Coronavirus Diaries: The Six Degrees of Separation

   Quarantine Day 64: Most of the states in the country have opened back up, some more slowly than others. Every day there are more news reports about protests and people defying orders to stay closed or practice social distancing. Here in New York City, there have been several reports of the NYPD harassing people of color for not wearing masks in public, while handing out masks to white people as they lay in the park. I fear that we missed one of the biggest lessons of this virus: we are all connected.

For the past couple of months, there has been a discussion of the importance of essential workers. These essential workers were to be the only ones who were supposed to be out and about going to work because their jobs helped to keep us all going. These were obvious professions such as healthcare workers, police officers, firefighters, and paramedics. In a city like New York, this includes transit workers. This also included grocery workers and delivery workers.

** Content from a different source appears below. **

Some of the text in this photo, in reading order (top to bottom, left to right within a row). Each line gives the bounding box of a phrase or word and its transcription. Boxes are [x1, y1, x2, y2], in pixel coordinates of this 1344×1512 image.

The pandemic raged on, and many of these essential workers have fallen to the virus and died because they could not stay home and protect themselves.

Several meat processing plants in the country have had thousands of workers contract the Coronavirus because they could not stop working. This had led to a shortage of meat. A lawmaker described these workers as not a part of the “American Family” because many of them are immigrants. They might not be documented, and thus we don’t need to protect them. Our need to clog our arteries with meat is far greater.

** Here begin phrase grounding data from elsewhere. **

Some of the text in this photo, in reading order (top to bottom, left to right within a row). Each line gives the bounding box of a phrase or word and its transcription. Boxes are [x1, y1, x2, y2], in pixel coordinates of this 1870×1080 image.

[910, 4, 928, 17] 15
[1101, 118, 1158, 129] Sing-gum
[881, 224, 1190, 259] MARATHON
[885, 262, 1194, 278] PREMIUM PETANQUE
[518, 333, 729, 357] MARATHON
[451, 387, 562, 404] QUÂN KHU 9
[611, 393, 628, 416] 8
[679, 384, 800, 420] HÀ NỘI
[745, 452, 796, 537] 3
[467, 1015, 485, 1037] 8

Farmers all over the country have been throwing out food, while millions of Americans are starving because restaurants all over the country have been closed and there is nowhere for them to send their food.

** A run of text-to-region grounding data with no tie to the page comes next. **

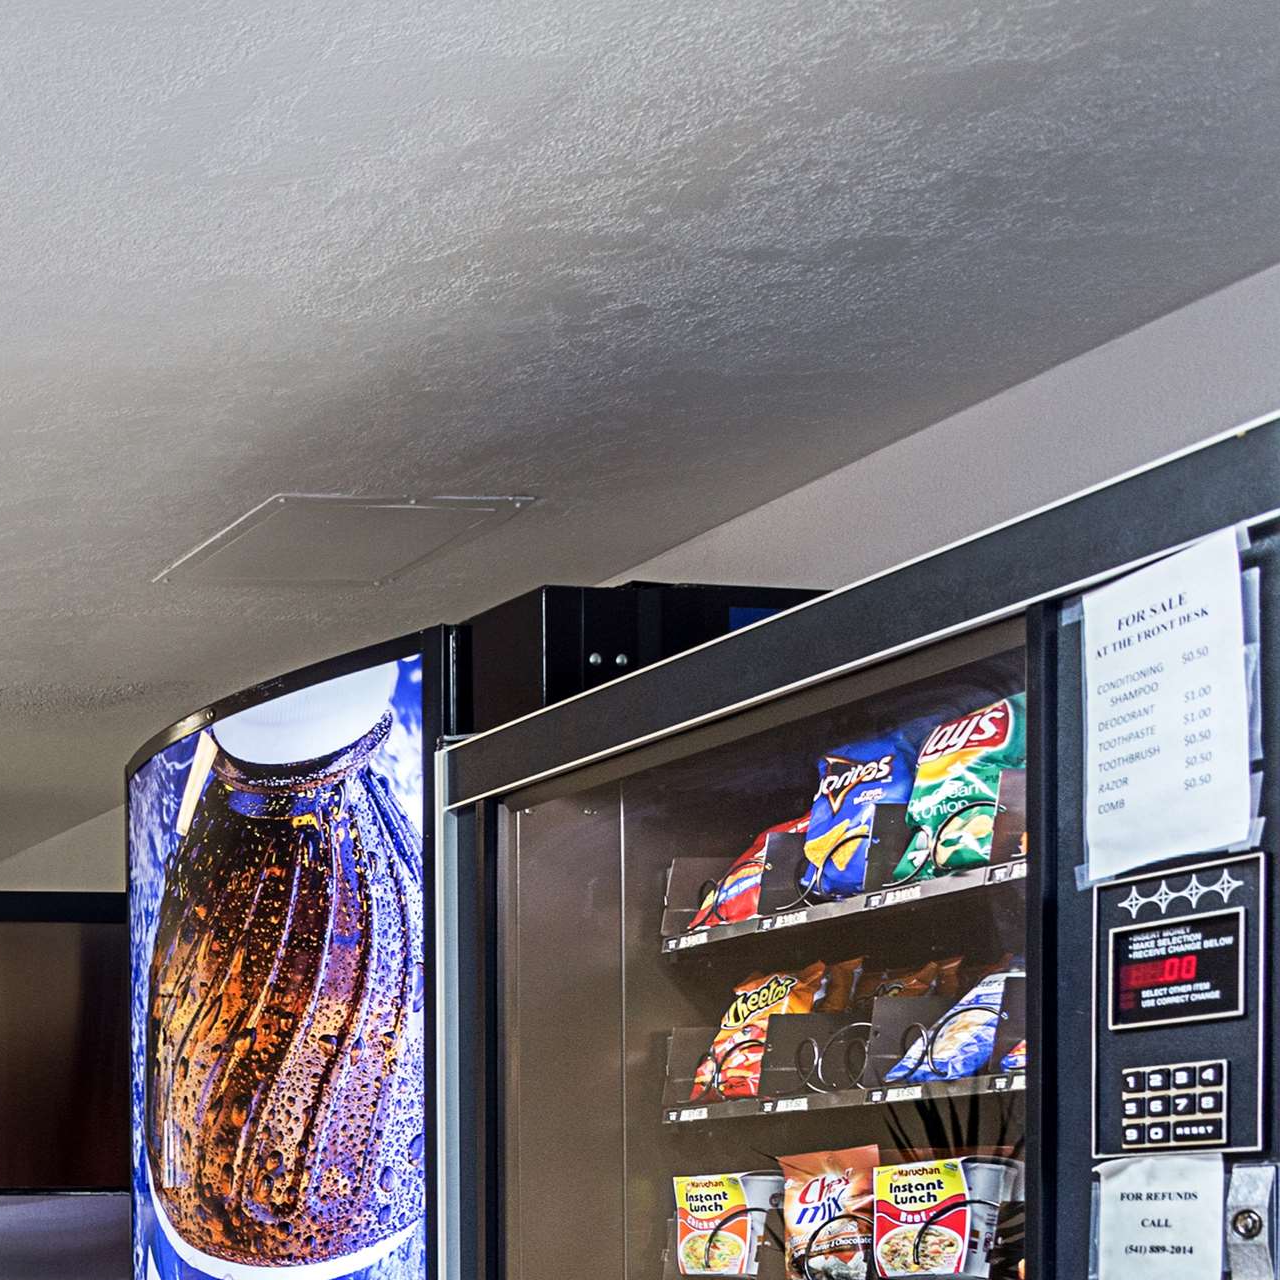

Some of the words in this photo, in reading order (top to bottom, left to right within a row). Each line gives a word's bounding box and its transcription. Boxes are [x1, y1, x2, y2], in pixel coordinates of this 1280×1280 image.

[1117, 609, 1145, 631] FOR
[1149, 592, 1188, 617] SALE
[1095, 645, 1109, 659] AT
[1112, 638, 1134, 653] THE
[1137, 620, 1175, 642] FRONT
[1179, 607, 1209, 627] DESK
[1097, 662, 1165, 696] CONDITIONING
[1181, 645, 1209, 664] $0.50
[1109, 681, 1159, 707] SHAMPOO
[1097, 704, 1155, 732] DEODORANT
[1184, 685, 1211, 703] $1.00
[1098, 725, 1157, 752] TOOTHPASTE
[1183, 707, 1211, 725] $1.00
[1098, 745, 1160, 773] TOOTHBRUSH
[1184, 729, 1211, 746] $0.50
[1098, 776, 1129, 794] RAZOR
[1185, 752, 1212, 768] $0.50
[1097, 798, 1125, 815] COMB
[1183, 773, 1211, 790] $0.50
[1162, 926, 1191, 937] MONEY
[1132, 940, 1155, 951] MAKE
[1157, 933, 1202, 947] SELECTION
[1133, 947, 1166, 959] RECEIVE
[1168, 941, 1202, 954] CHANGE
[1203, 936, 1234, 949] BELOW
[723, 975, 797, 1028] Cheetos
[1141, 988, 1168, 998] SELECT
[1141, 998, 1155, 1008] USE
[1190, 990, 1221, 1001] CHANGE
[1126, 1076, 1135, 1088] 1
[1149, 1073, 1163, 1087] 2
[1174, 1071, 1188, 1084] 3
[1201, 1067, 1215, 1081] 4
[1124, 1102, 1137, 1115] 5
[1149, 1100, 1163, 1112] 6
[1175, 1097, 1189, 1111] 7
[1200, 1096, 1214, 1109] 8
[1125, 1128, 1138, 1141] 9
[1149, 1127, 1163, 1140] 0
[1175, 1125, 1214, 1135] RESET
[897, 1166, 940, 1177] Maruchan
[889, 1179, 944, 1194] Instant
[685, 1191, 728, 1203] Instant
[894, 1192, 938, 1205] Lunch
[1120, 1192, 1143, 1201] FOR
[1146, 1192, 1198, 1201] REFUNDS
[689, 1202, 723, 1213] Lunch
[1141, 1218, 1172, 1228] CALL
[834, 1237, 873, 1245] Chocolate

In the Navajo Nation which comprises parts of Arizona, Nevada, and Utah, 100 people have died and about 3,200 have tested positive. This might not seem like a large figure, but the Navajo Nation has about 173,667 residents. If the Navajo Nation were its own state, it would have the highest cases of Covid-19 per capita after New York.

As some people in California, are fighting for their rights to eat waffles people are dying. It’s human nature to look at groups of people who do not resemble us as “other.” Those people are dying. Those essential workers are falling ill. But what the coronavirus has highlighted is that we are all connected. I can walk into a store, infect all 30 employees who will then go and infect their loved ones, and the virus spreads. When the virus first impacted China, supply chains and warehouses were shut down. I know several people who are getting married this year, and this was affecting them being able to get their wedding dress in time. And even though this is not a life-altering issue, it highlights how we are connected on a global scale.

I admit that I didn’t give much thought to the people who worked around me. Those I encountered at the supermarket, or my delivery person. I did take them for granted and for that I apologize. I never gave much thought about all the steps necessary for my food to reach my fridge. I don’t live in a bubble, none of us do. It’s a sobering fact to realize that my actions can have such a long reach. It’s also beautiful. The world is a big place, but it’s also small. What you do in your community can have a ripple effect felt around the world. If we go back to the status quo, then people’s deaths have been in vain. Let’s not that make a reality.

* I reported the wrong population for the Navajo Nation.